Assai was founded in 1873 and operates across six countries. It produces fabrics and textiles for both home and industrial use, with products exported to more than 90 countries around the world.

Assai Brazil plans to use the funds to reduce its debt

Asai Brazil plans to use the funds to reduce its debt

French retailer Casino has sold shares in Brazil’s Assai to cut debt. The move comes as Assai looks to reduce its debt which stands at around BRL 550 million (£240 million). In a statement, Casino said that it had sold its stake in the company “to secure a future for all stakeholders”. It added that the proceeds from the sale would be used “to further reduce Assai’s indebtedness and improve its liquidity position”. In March, Assai received a EUR 50 million loan from France’s Cofidis bank.

The deal is a significant step for Assai Brazil, which has been struggling lately

The deal is a significant step for Assai Brazil, which has been struggling lately. Casino bought the company’s shares for $1.5 million in cash and intends to use them to reduce its debt. The company has been struggling with debts totaling $60 million, although it has increased sales by 40% this year. The sale should help the company turnaround its finances and increase its competitiveness in the Brazilian market.
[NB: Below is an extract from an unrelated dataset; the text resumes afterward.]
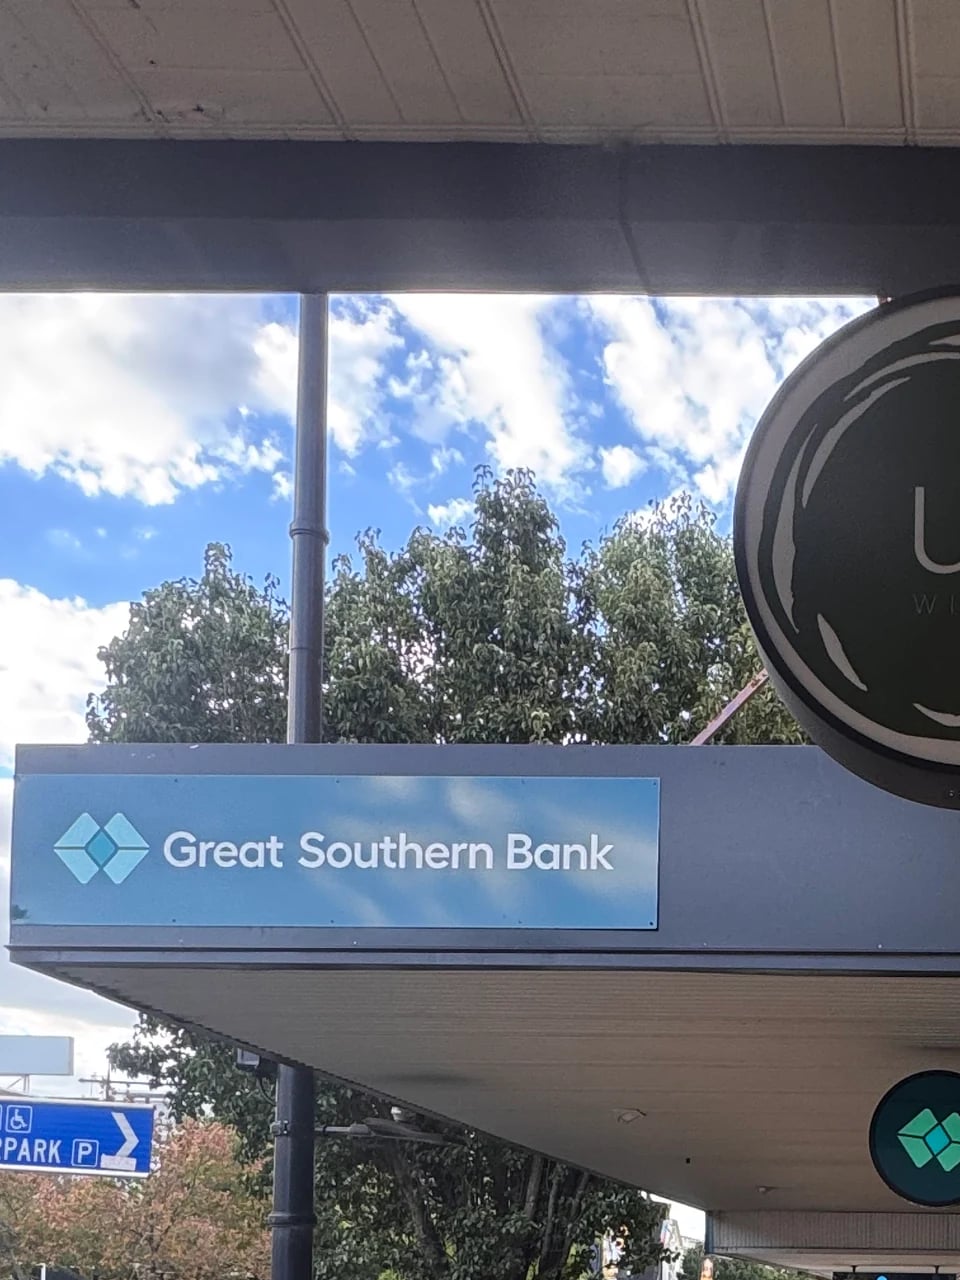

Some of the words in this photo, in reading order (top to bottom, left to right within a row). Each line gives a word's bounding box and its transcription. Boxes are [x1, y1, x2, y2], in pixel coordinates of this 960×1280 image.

The sale could help Casino avoid a bankruptcy

Casino has announced a sale of shares in Brazilian retailer Assai to reduce its debt. The move comes as the company looks to avoid bankruptcy. Casino is currently in talks with creditors to restructure its debt, but has warned that if a solution isn’t found, it may have to file for insolvency. This sale could help the company secure a more favourable deal with creditors.

Casino’s chairman and CEO said that this move was necessary to “ensure the long-term viability” of the company. While the sale will only bring in around £10 million, it’s hoped that it will allow Casino to continue operating without having to resort to drastic measures such as layoffs or closures.

This decision comes after disappointing sales figures for the company in 2017. In January of this year, Casino announced that sales had decreased by 11% compared to 2016, attributing this decrease to “the general slowdown of Brazil’s economy.” This news came just weeks after rival retailer Zara filed for bankruptcy protection in Brazil due to similar economic circumstances.

With competition from global retailers continuing to increase, particularly in Brazil where high inflation and sluggish economic growth have put pressure on consumer spending, it’s clear that Casino faces an uphill battle if it hope seeks to remain solvent into the future.

Conclusion

French retailer Casino has sold shares in Brazilian restaurant chain Assai to reduce its debt load. The company said that it will receive $10 million for the sale, which is expected to close by the end of the year.